In Fine éditions d'art

BIOMORPHISME 1920-1950

En 1936, dans l’exposition Cubism and Abstract Art qu’il organise au Museum of Modern Art de New York, Alfred Barr distingue deux branches dans l’art de son temps, l’art abstrait géométrique d’une part, de l’autre l’art abstrait non-géométrique, qu’il qualifie aussi de biomorphique ; il caractérise ce dernier comme « procéd[ant] de l’intuition et de l’émotion plutôt que de l’intellect », « présent[ant] des formes organiques ou biomorphiques plutôt que géométriques » et comme étant « curviligne plutôt que rectiligne, décoratif plutôt que structurel et romantique plutôt que classique dans son exaltation du mystique, du spontané et de l’irrationnel ». Cette dernière énumération ouvre à l’abstraction, on le voit, une pluralité de dimensions, bien au-delà d’un questionnement qui ne serait que d’ordre formel.

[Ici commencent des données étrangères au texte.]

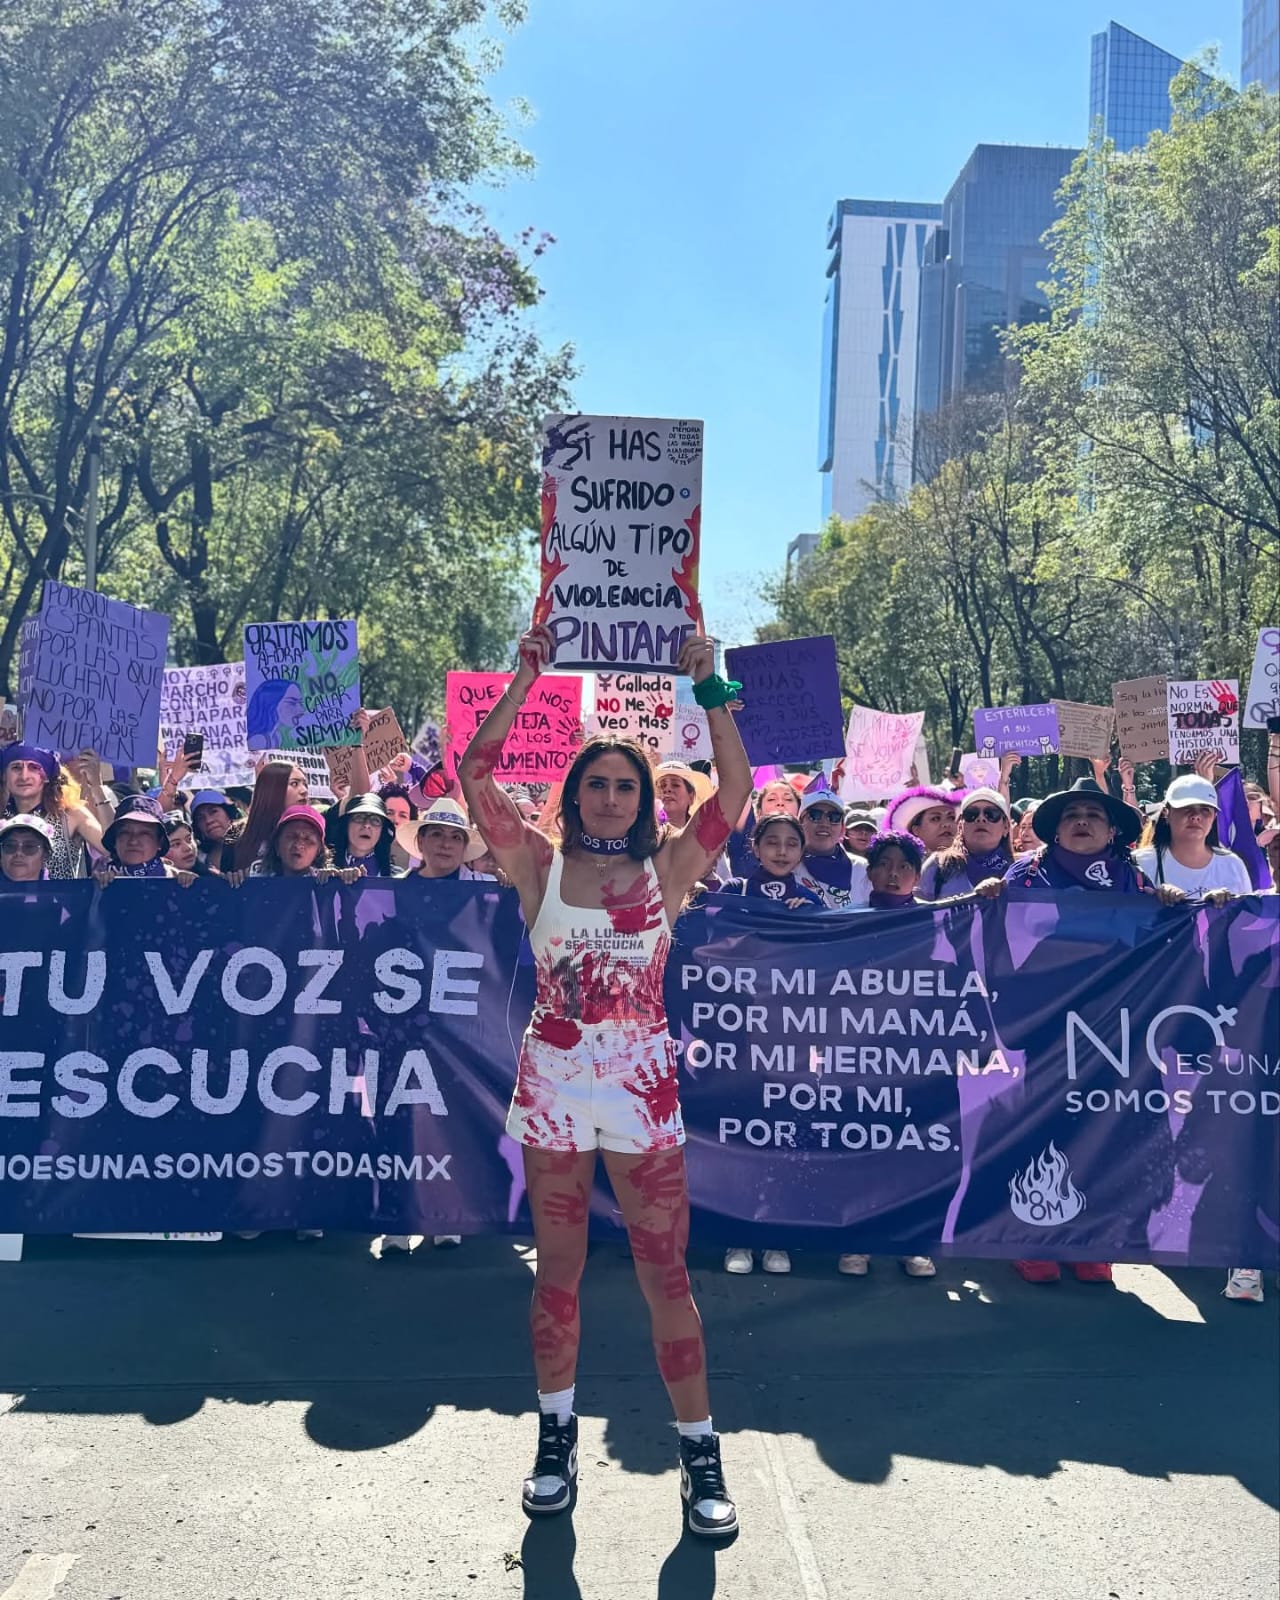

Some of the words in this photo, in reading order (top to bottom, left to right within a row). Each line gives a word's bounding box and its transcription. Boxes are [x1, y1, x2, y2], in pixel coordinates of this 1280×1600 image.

[609, 428, 662, 462] HAS
[571, 475, 675, 513] SUFRIDO
[549, 519, 616, 553] ALGÚN
[603, 559, 629, 577] DE
[39, 629, 78, 662] POR
[85, 643, 120, 675] LAS
[261, 664, 299, 681] PARA
[308, 672, 337, 696] NO
[615, 674, 672, 693] Callada
[36, 655, 117, 705] LUCHAN
[135, 685, 149, 717] Y
[161, 681, 229, 699] MARCHO
[1170, 685, 1188, 700] No
[1195, 684, 1209, 698] Es
[29, 687, 55, 714] NO
[58, 692, 98, 723] POR
[110, 707, 140, 728] LAS
[160, 698, 194, 712] CON
[197, 695, 219, 710] MI
[459, 685, 497, 707] QUE
[539, 691, 573, 714] NOS
[596, 698, 620, 713] NO
[625, 697, 645, 711] Me
[1170, 702, 1213, 713] NORMAL
[1218, 701, 1239, 713] QUE
[110, 719, 140, 740] QUE
[597, 715, 629, 730] Veo
[1171, 711, 1232, 729] TODAS
[164, 734, 244, 752] MACHAR
[526, 733, 552, 744] LOS
[1169, 729, 1214, 739] TENGAMOS
[1220, 730, 1238, 738] UNA
[1178, 738, 1223, 749] HISTORIA
[571, 927, 589, 938] LA
[585, 940, 644, 950] ESCUCHA
[0, 950, 107, 1016] TU
[144, 946, 345, 1016] VOZ
[373, 948, 485, 1016] SE
[682, 964, 757, 995] POR
[771, 968, 816, 996] MI
[829, 968, 999, 1003] ABUELA,
[692, 1002, 768, 1033] POR
[782, 1006, 828, 1035] MI
[841, 1001, 988, 1042] MAMÁ,
[750, 1044, 795, 1072] MI
[809, 1044, 1020, 1078] HERMANA,
[1177, 1053, 1213, 1076] ES
[0, 1045, 449, 1119] ESCUCHA
[763, 1082, 842, 1113] POR
[857, 1086, 912, 1118] MI,
[1065, 1089, 1194, 1114] SOMOS
[719, 1118, 797, 1148] POR
[811, 1121, 960, 1151] TODAS.
[0, 1150, 452, 1181] OESUNASOMOSTODASMX
[1029, 1190, 1064, 1221] 8M

Ainsi est-il possible de considérer et rapprocher, dans le même mouvement, des artistes aux parcours aussi di“érents que Jean Arp, Auguste Herbin, André Masson, Jean Hélion, Yves Tanguy, Étienne Beothy, Wolfgang Paalen, Léon Tutundjian, Georges Valmier ou encore Laszlo Moholy Nagy et par là, de dépasser les clivages très marqués de leur époque : et de suggérer avec ce livre une autre lecture possible de la modernité.